* Aim of the task *
Leave the pictures out and restate each entry below word for word.
━━ Data provided
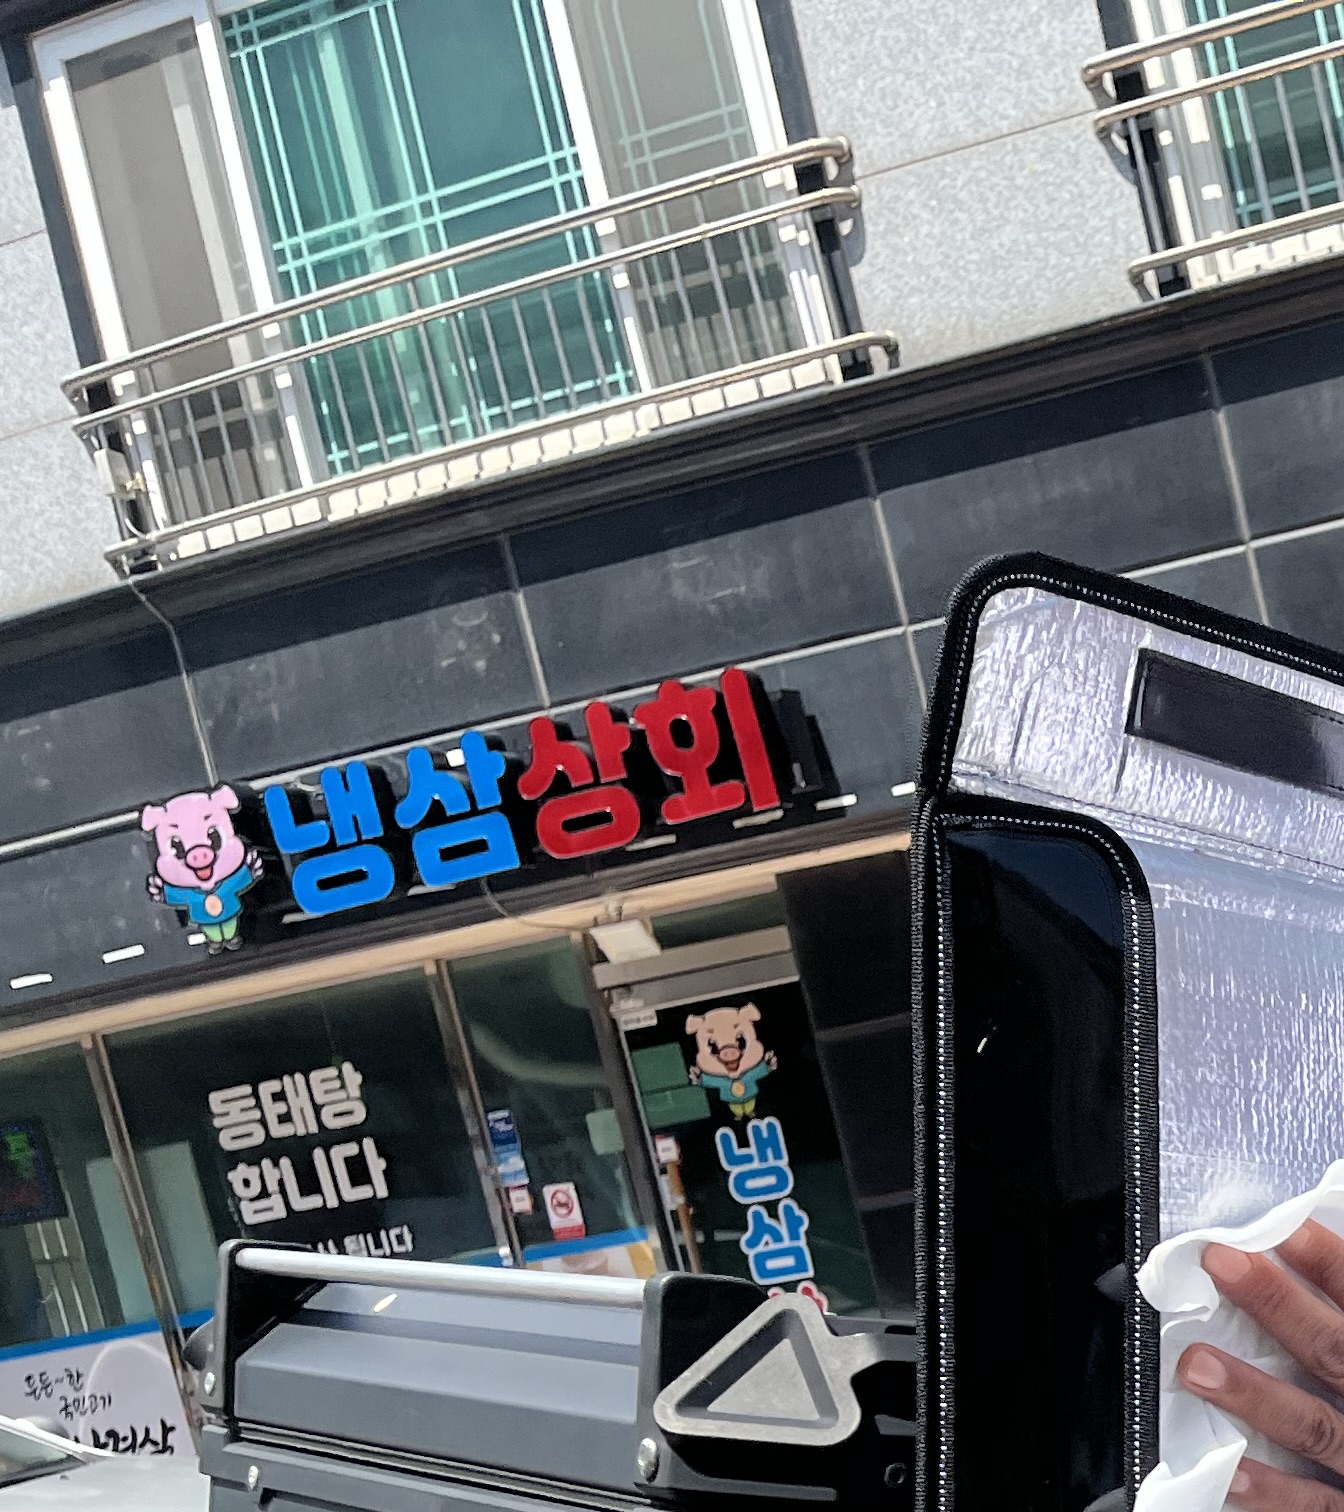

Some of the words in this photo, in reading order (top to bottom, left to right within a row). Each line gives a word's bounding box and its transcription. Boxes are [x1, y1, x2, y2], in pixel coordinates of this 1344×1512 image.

[265, 667, 782, 915] 냉삼상회
[208, 1060, 369, 1152] 동태탕
[227, 1136, 391, 1226] 합니다
[716, 1116, 828, 1314] 냉삼
[59, 1392, 113, 1421] 국민고기
━━━━
* Written response *
Some of the words in this photo, in reading order (top to bottom, left to right within a row). Each line gives a word's bounding box and its transcription. Boxes are [x1, y1, x2, y2], in pixel coordinates of this 1344×1512 image.

[265, 667, 782, 915] 냉삼상회
[208, 1060, 369, 1152] 동태탕
[227, 1136, 391, 1226] 합니다
[716, 1116, 828, 1314] 냉삼
[59, 1392, 113, 1421] 국민고기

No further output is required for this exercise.